Glossary

This comprehensive glossary defines bioinformatics, technical, and Lobster AI-specific terms used throughout the documentation and platform.

A

Affinity Proteomics Protein analysis method using antibody-based assays for targeted protein detection and quantification. Examples include Olink panels and antibody arrays. Typically has lower missing values (<30%) compared to mass spectrometry.

Agent Specialized AI component in Lobster AI that handles specific analysis domains (e.g., Single-cell Expert, Proteomics Expert). Agents use natural language understanding to execute appropriate tools and workflows.

Agent Factory Function Python function that creates and configures an agent instance. Specified in the agent registry for dynamic agent loading. Example: lobster.agents.transcriptomics.transcriptomics_expert.

Agent Handoff Architectural pattern in Lobster AI where agents transfer tasks to other agents based on analysis requirements. Coordinated by the supervisor agent using handoff tools. Example: supervisor hands off single-cell analysis to transcriptomics_expert.

Agent Registry (ComponentRegistry) System in Lobster AI that discovers and manages all available agents via Python entry points. Located in lobster/core/registry.py. Single source of truth for agent discovery (v1.0.0+).
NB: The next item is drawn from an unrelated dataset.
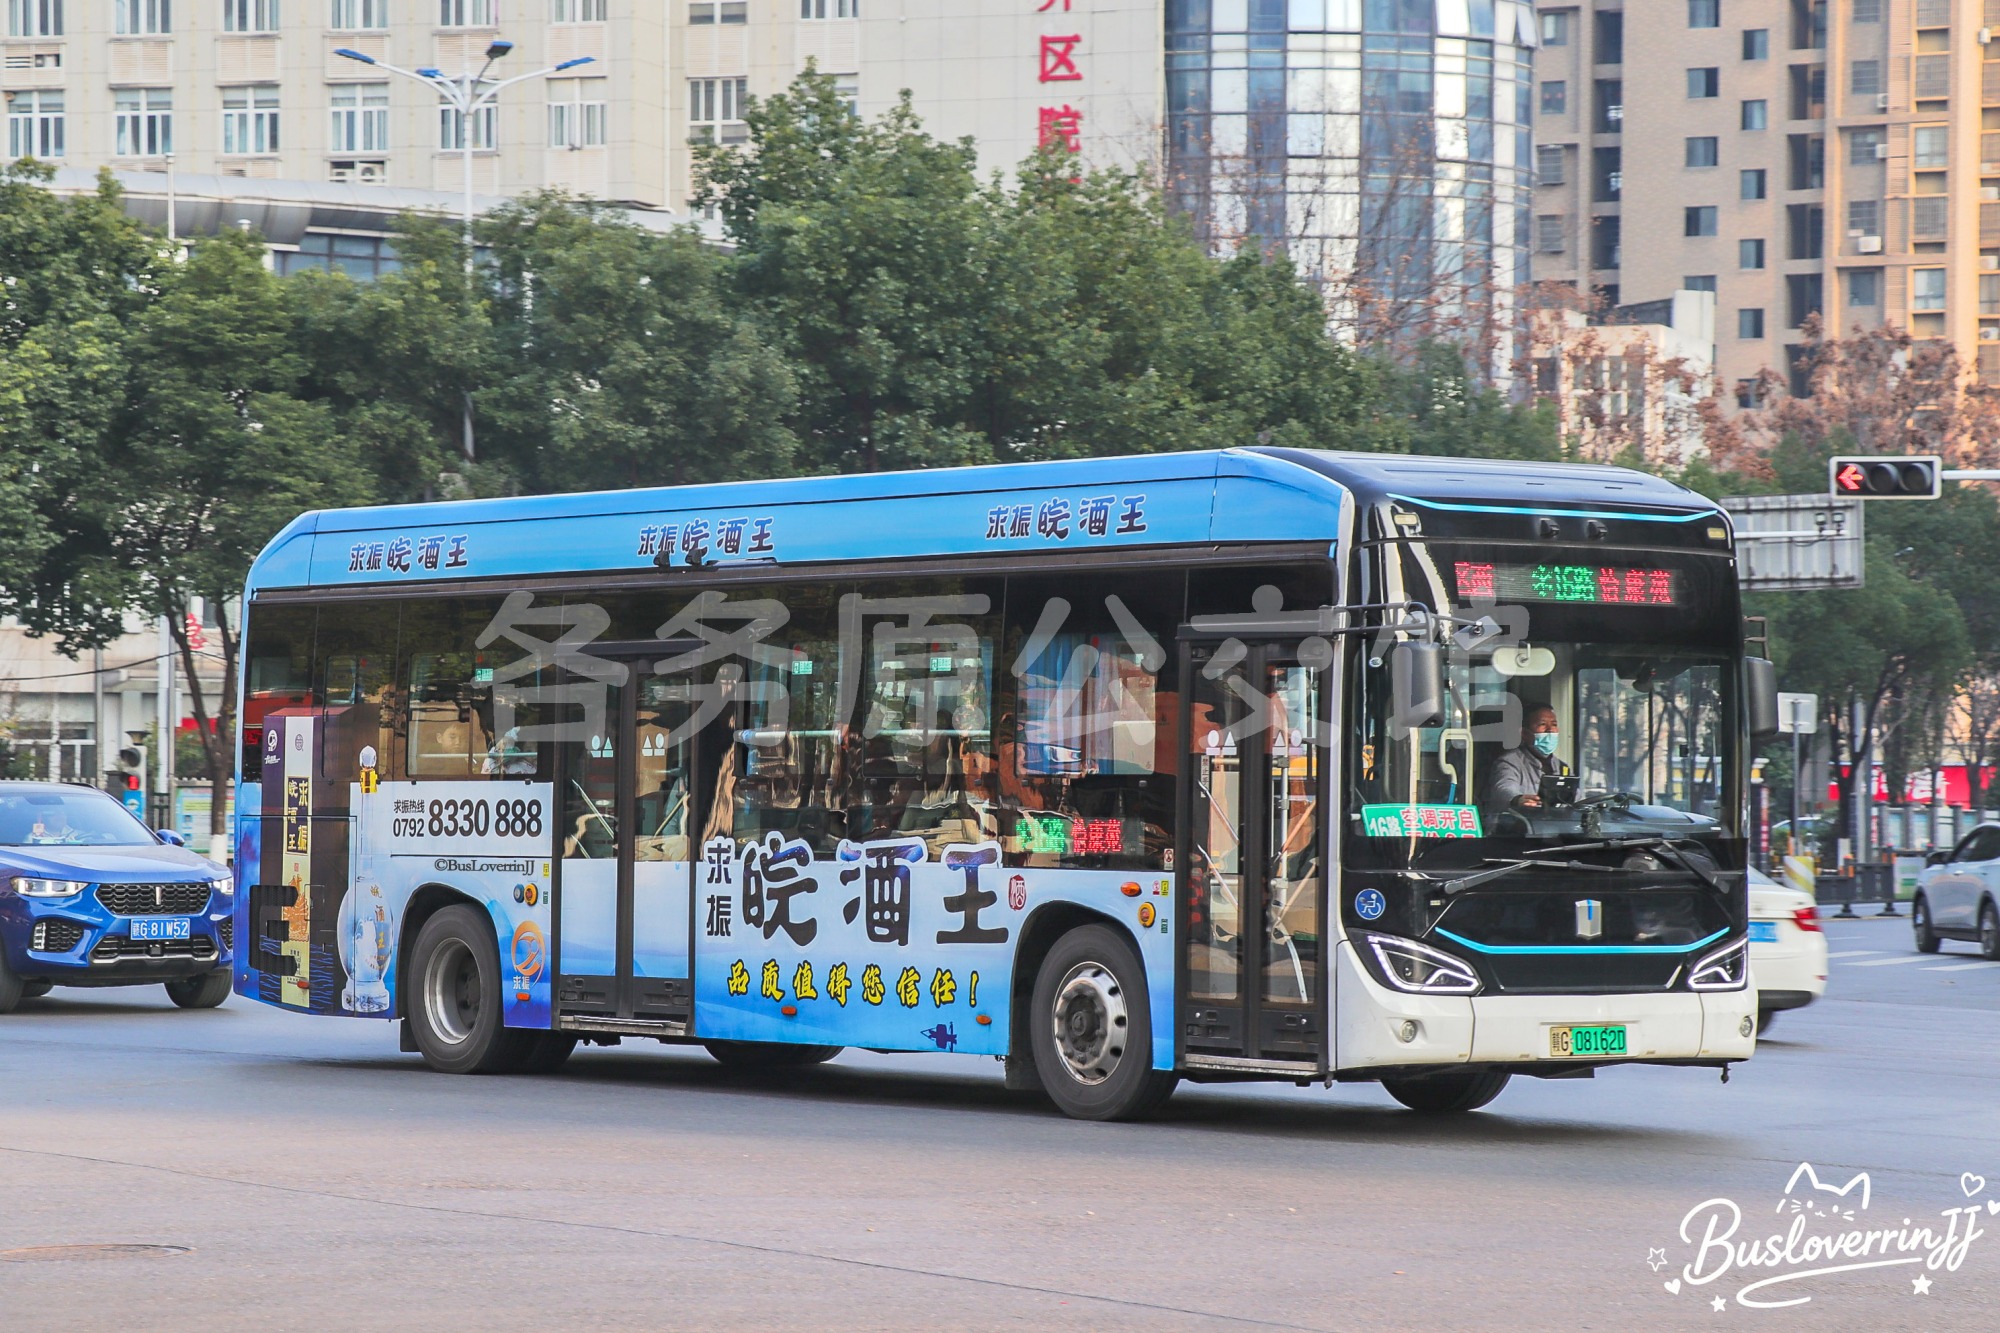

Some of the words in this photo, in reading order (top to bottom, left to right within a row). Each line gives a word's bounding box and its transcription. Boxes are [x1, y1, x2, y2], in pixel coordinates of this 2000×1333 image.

Analysis Step IR (Intermediate Representation) Structured representation of analysis operations used for provenance tracking and notebook export. Contains operation details, parameters, code templates, and execution context. Required for reproducibility.

AnnData Annotated data structure used in Python bioinformatics for storing high-dimensional biological data. Contains expression matrix (X), observations (obs), variables (var), and additional metadata.

Annotation Process of assigning biological meaning to data elements, such as identifying cell types in single-cell data or functional categories for genes.

B

Batch Effect Technical variation in data caused by non-biological factors such as processing date, equipment, or experimental conditions. Must be corrected to avoid confounding biological signals.

Benjamini-Hochberg (BH) Multiple testing correction method that controls the False Discovery Rate (FDR). Used to adjust p-values when testing many hypotheses simultaneously.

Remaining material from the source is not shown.